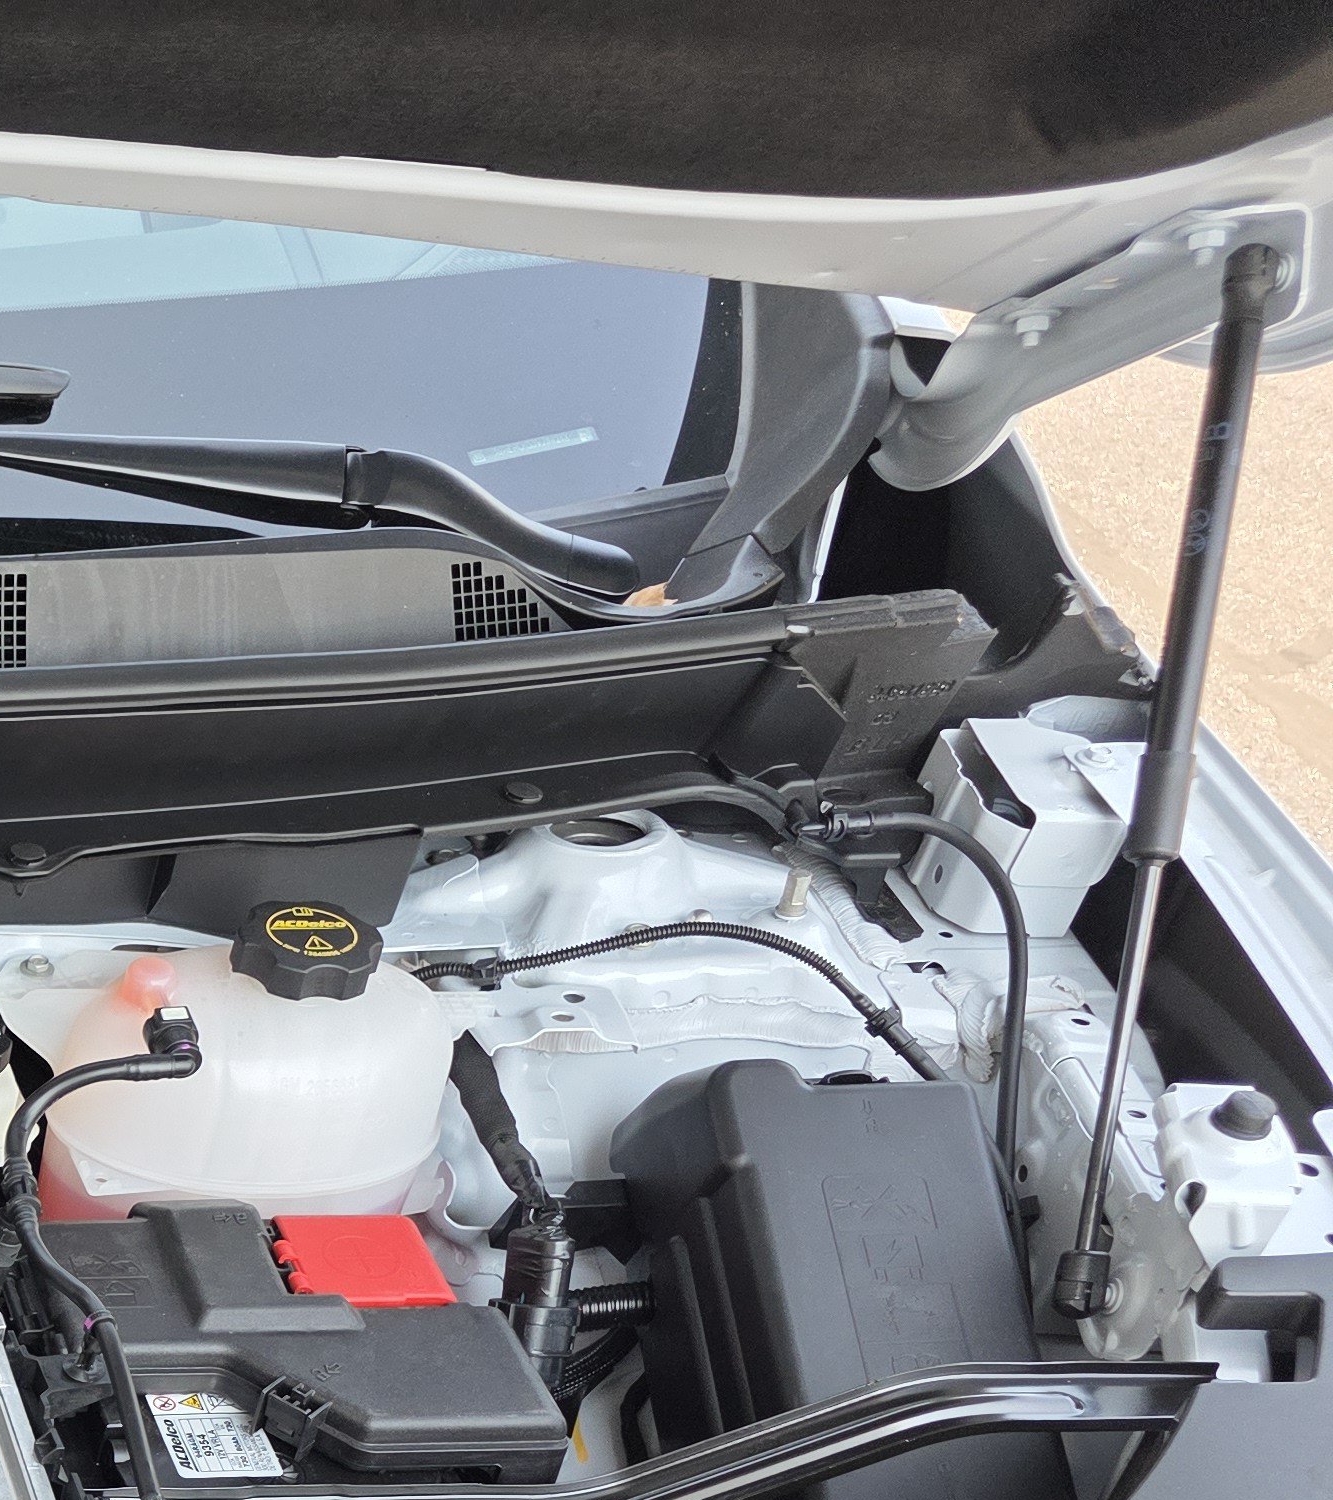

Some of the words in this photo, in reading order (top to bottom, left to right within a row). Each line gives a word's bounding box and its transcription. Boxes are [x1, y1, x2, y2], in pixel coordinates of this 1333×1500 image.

[270, 919, 347, 929] ACDelco
[164, 1420, 193, 1470] ACDelco
[197, 1434, 214, 1456] 9354
[208, 1430, 220, 1447] VRLA
[215, 1449, 226, 1459] 12V
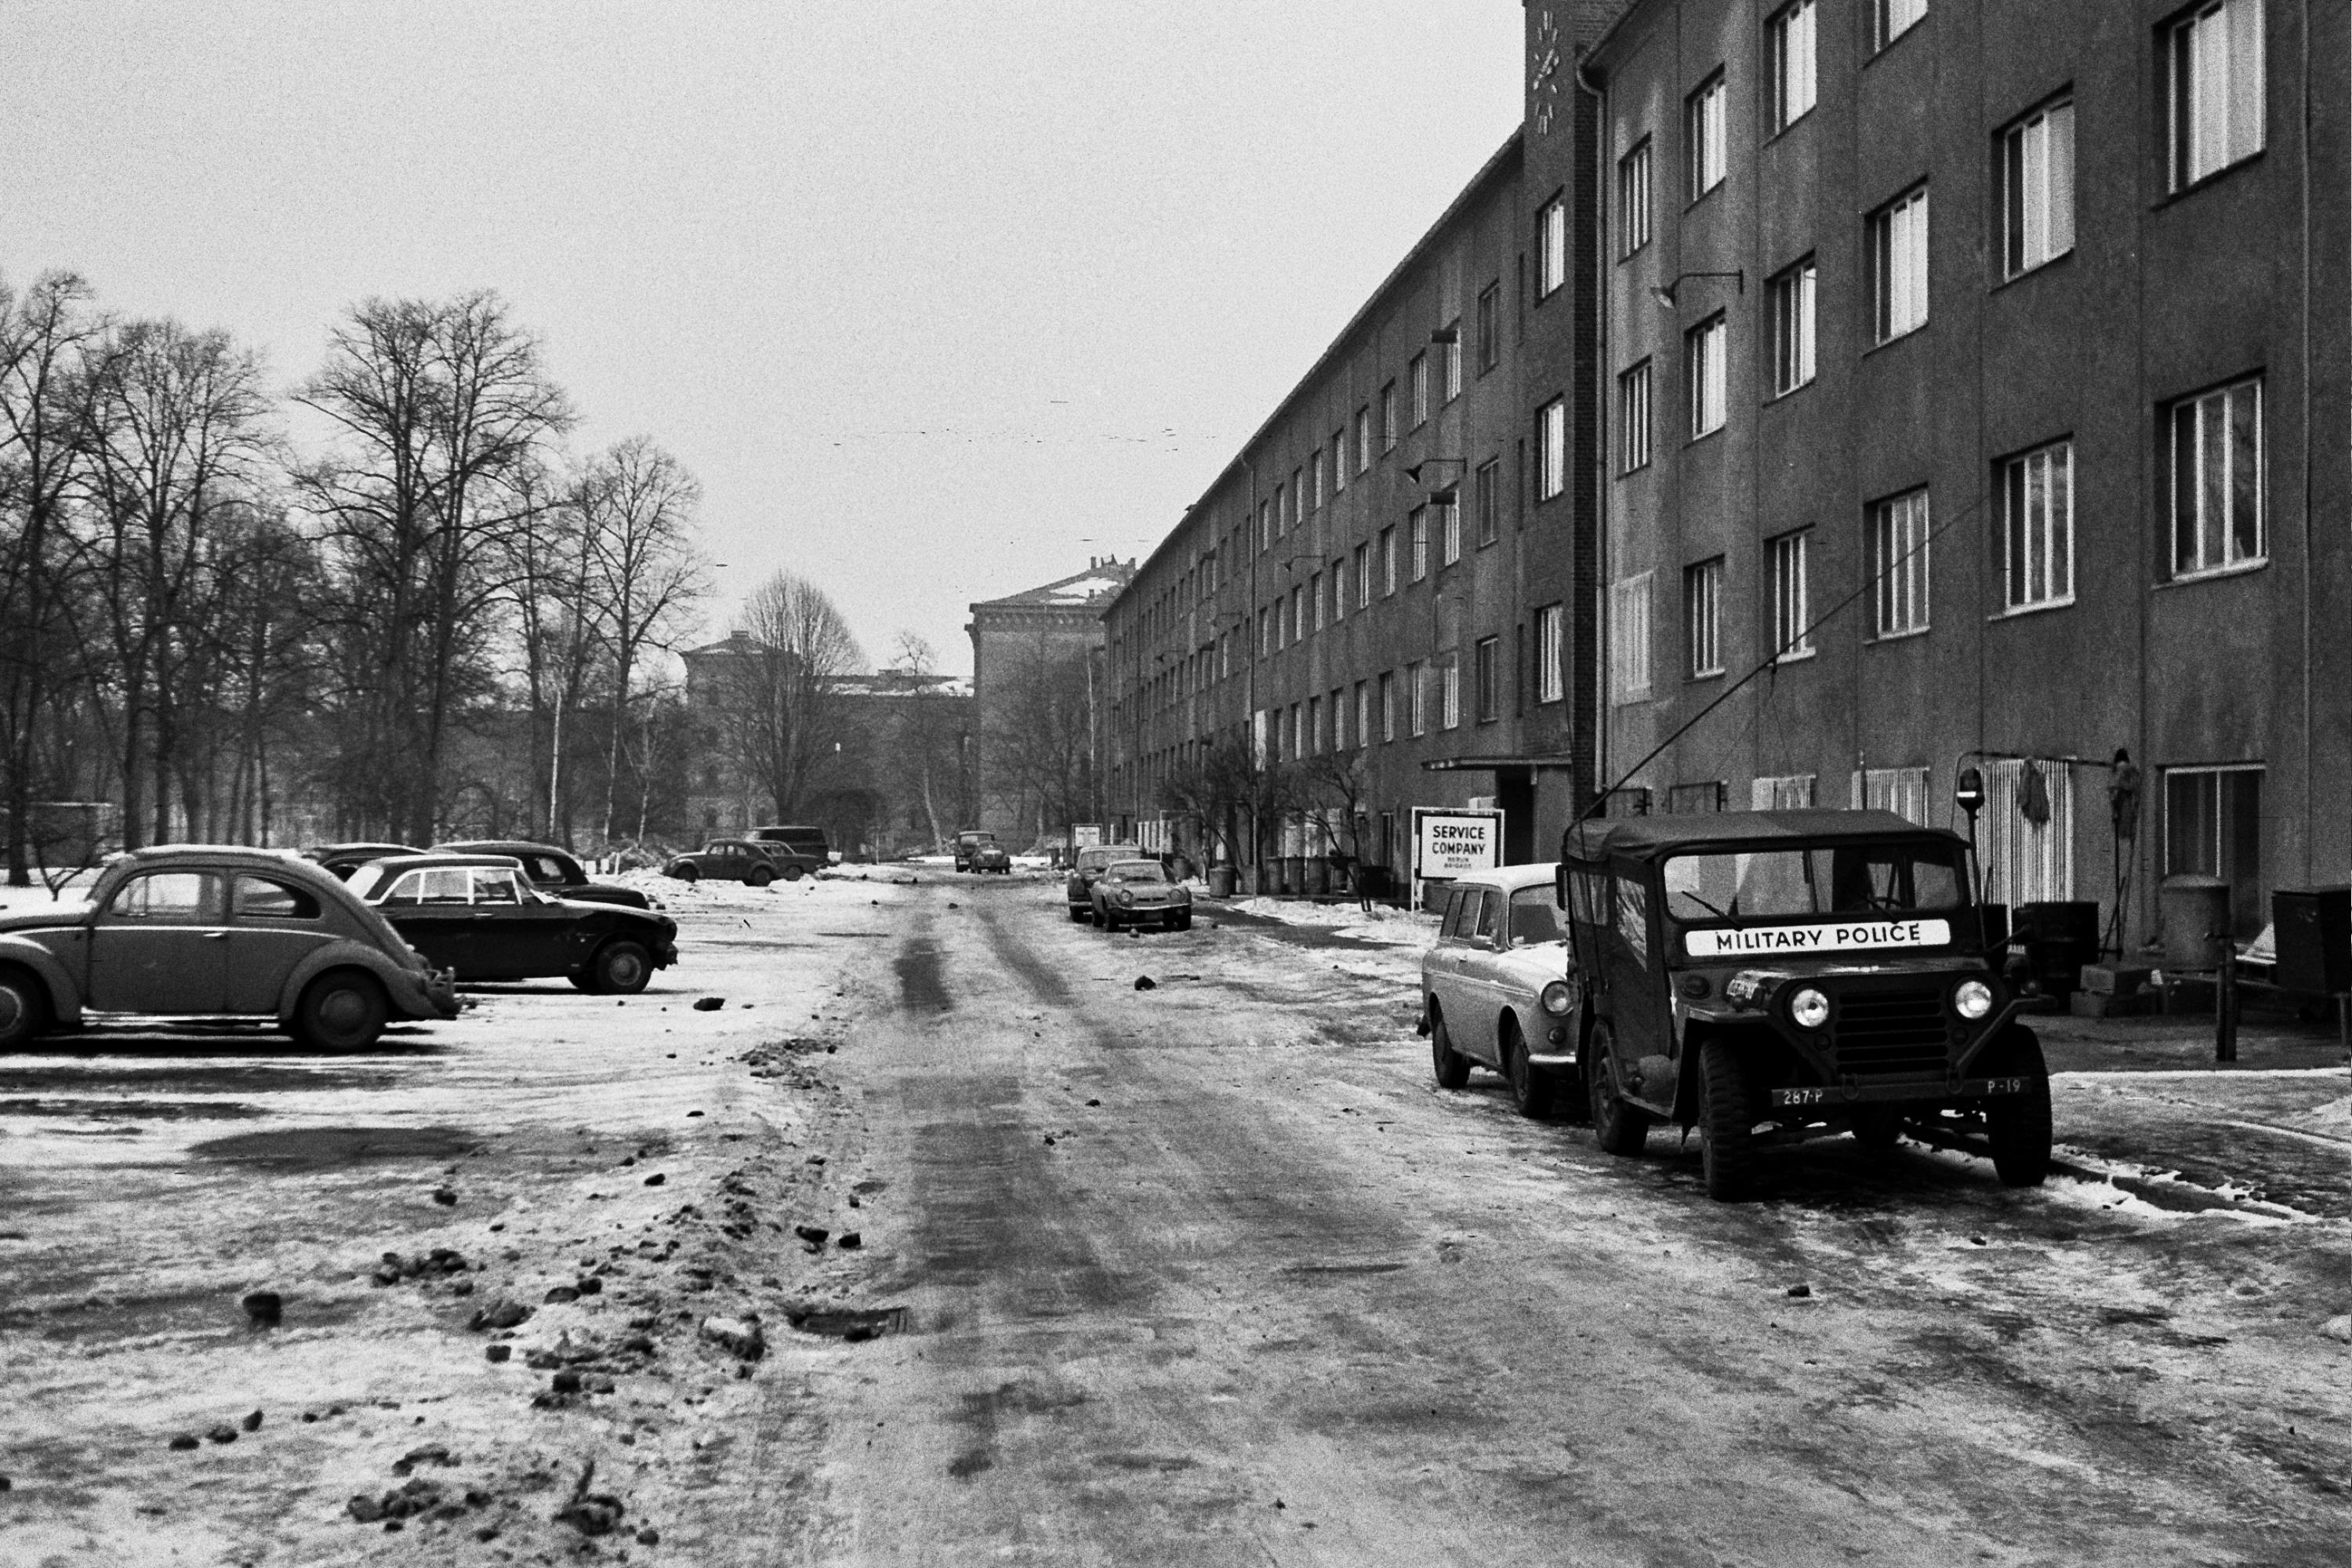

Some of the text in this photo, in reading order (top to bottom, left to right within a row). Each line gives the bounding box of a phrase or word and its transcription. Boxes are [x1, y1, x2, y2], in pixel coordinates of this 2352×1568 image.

[1432, 825, 1486, 840] SERVICE
[1432, 842, 1486, 855] COMPANY
[1716, 924, 1921, 950] MILITARY POLICE
[1987, 1080, 2020, 1094] P-19
[1784, 1089, 1823, 1104] 287-P

· · · ·

Apart from the pictures, every line above must be repeated exactly.

- _Response_
Some of the words in this photo, in reading order (top to bottom, left to right within a row). Each line gives a word's bounding box and its transcription. Boxes are [x1, y1, x2, y2], in pixel coordinates of this 1333×1500 image.

[270, 919, 347, 929] ACDelco
[164, 1420, 193, 1470] ACDelco
[197, 1434, 214, 1456] 9354
[208, 1430, 220, 1447] VRLA
[215, 1449, 226, 1459] 12V

Some of the text in this photo, in reading order (top to bottom, left to right within a row). Each line gives the bounding box of a phrase or word and its transcription. Boxes are [x1, y1, x2, y2], in pixel coordinates of this 2352×1568 image.

[1432, 825, 1486, 840] SERVICE
[1432, 842, 1486, 855] COMPANY
[1716, 924, 1921, 950] MILITARY POLICE
[1987, 1080, 2020, 1094] P-19
[1784, 1089, 1823, 1104] 287-P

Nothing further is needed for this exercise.